Submerging Markets: What the Emerging Market Selloff is Telling Us
Investing at its most basic level is about one thing: the return you seek on your investment and the risk you take to get that return. I often emphasize that the biggest “risk” to investors is volatility, because it’s the occasional shakiness of markets or market segments that causes investors (whether they manage their money or have someone else do it for them) to react emotionally instead of logically. That plays out every day in markets around the world.
Anyone who has been an investor for the past five years knows that “normal” does not describe what has occurred. Violent declines and equally exuberant rallies in stocks, the Fed and Central Banks around the globe pumping up economies and banks, and traders and hedge fund managers doing what they do best: providing needed liquidity to make markets more fluid to operate in…but also whipping markets around from time to time, frustrating the long-term investing crowd. It is like the person who just wants some peace and quiet at home, but the damn dog from next door will not stop barking at 5AM (my family’s dog Roxy has been that dog!).
I think that is one factor contributing to the fact that through June 12, the S&P 500 Index was up 14.18% for the year but the MSCI Emerging Markets Index was at 9.55%…that’s DOWN 9.55%! This continues a pattern that has existed since before this year, though it must be mentioned that Emerging Market indexes are falling after a sharp rally earlier this year. For investors whose long-term portfolio strategy includes a portion invested in Emerging Markets, this means you have likely earned much less than the S&P 500 Index over the past few years. This is not the first and likely not the last time this will happen.
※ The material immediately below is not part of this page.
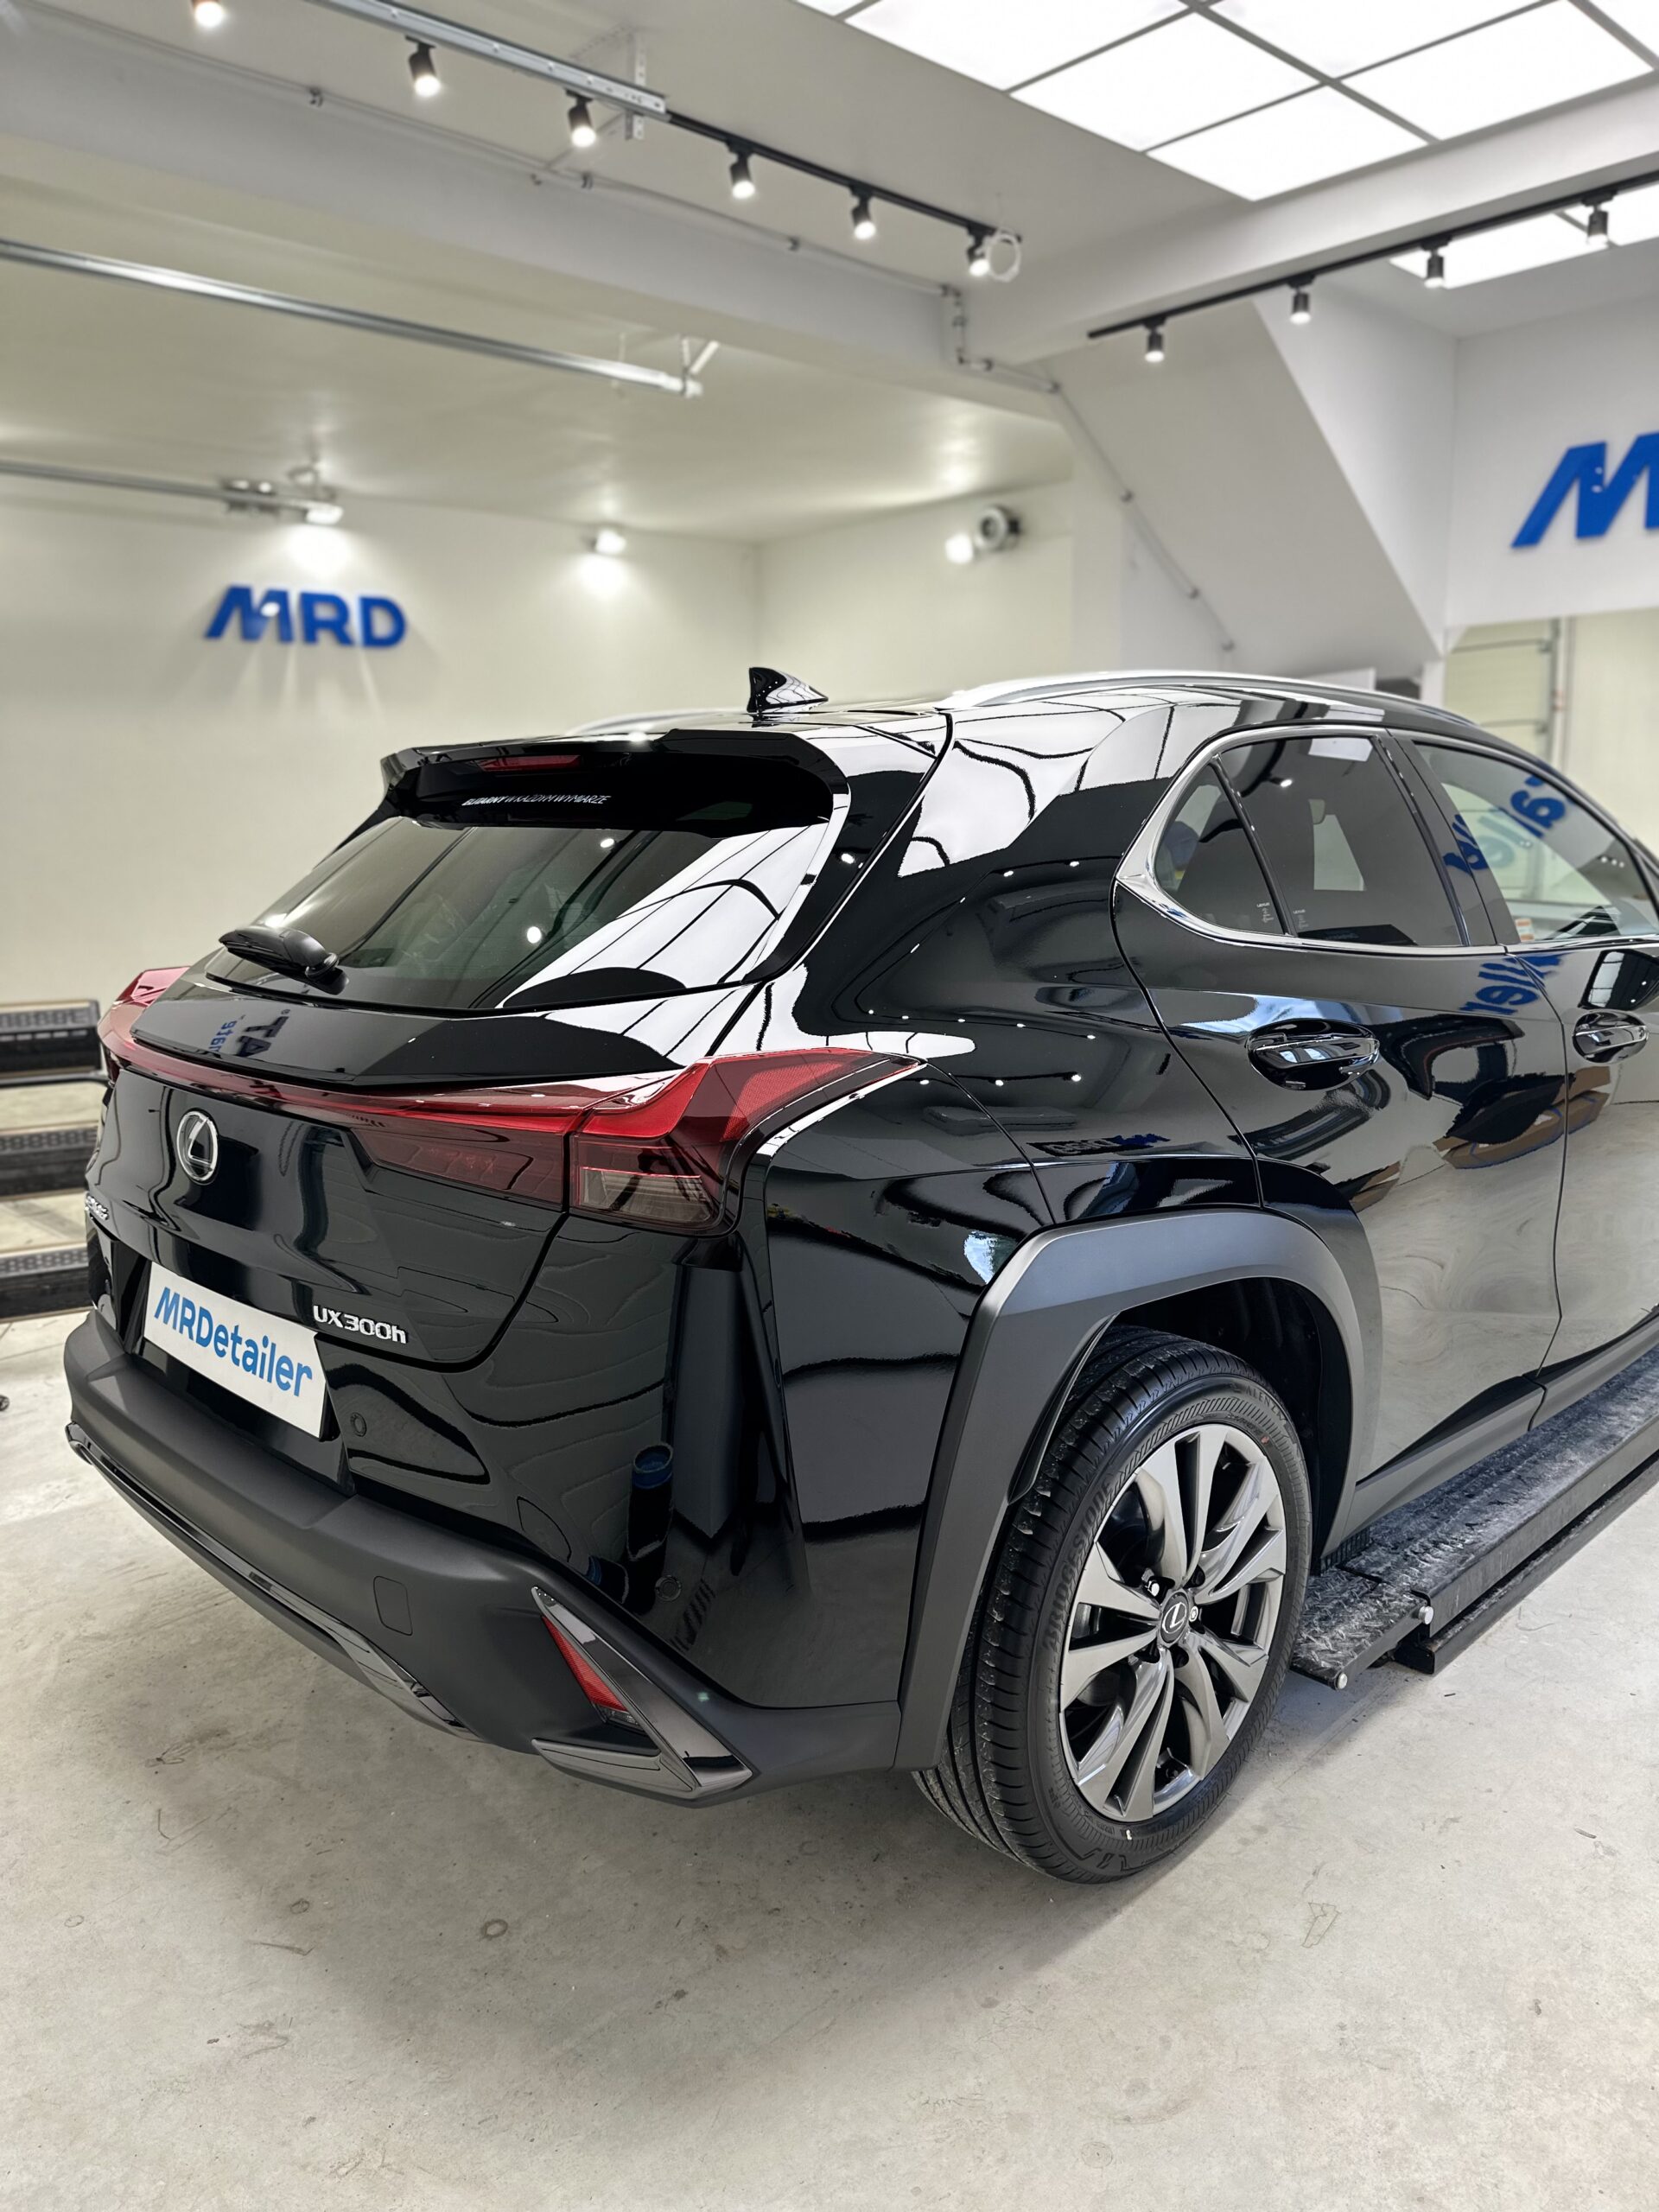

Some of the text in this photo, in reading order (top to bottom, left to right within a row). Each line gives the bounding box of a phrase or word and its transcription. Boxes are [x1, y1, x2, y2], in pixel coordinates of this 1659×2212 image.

[204, 585, 407, 648] MRD
[154, 1287, 313, 1397] MRDetailer
[1042, 1477, 1114, 1649] BRIDGESTONE
This puzzling separation between the U.S. and Emerging Markets is a microcosm for what is so strange about 2013 in general – the distinction between what is a conservative and aggressive investment is all screwed up. Aggressive investments are supposed to do better when markets are generally up. That is not happening as it normally does. From the research I did this week, we appear to be near all-time highs in the degree of underperformance of Emerging Markets versus the S&P 500.
Emerging markets are a double-edged sword: since they are smaller, they can be swung around more easily over short-term periods of time. Yet with Asia in particular, there is a secular force that is undeniable to me. As China and the surrounding countries modernize and a middle class develops, much like the U.S. in the 1950s, the companies that are in position to profit that surge in consumerism could be big winners. This is one of our 10 major investment themes, from which our investment ideas are sourced.
As powerful as the long-term Emerging Markets Consumer theme is, Emerging Markets “submerge” as they have, we have to consider that within the volatility management mantra which is the core of our investment approach.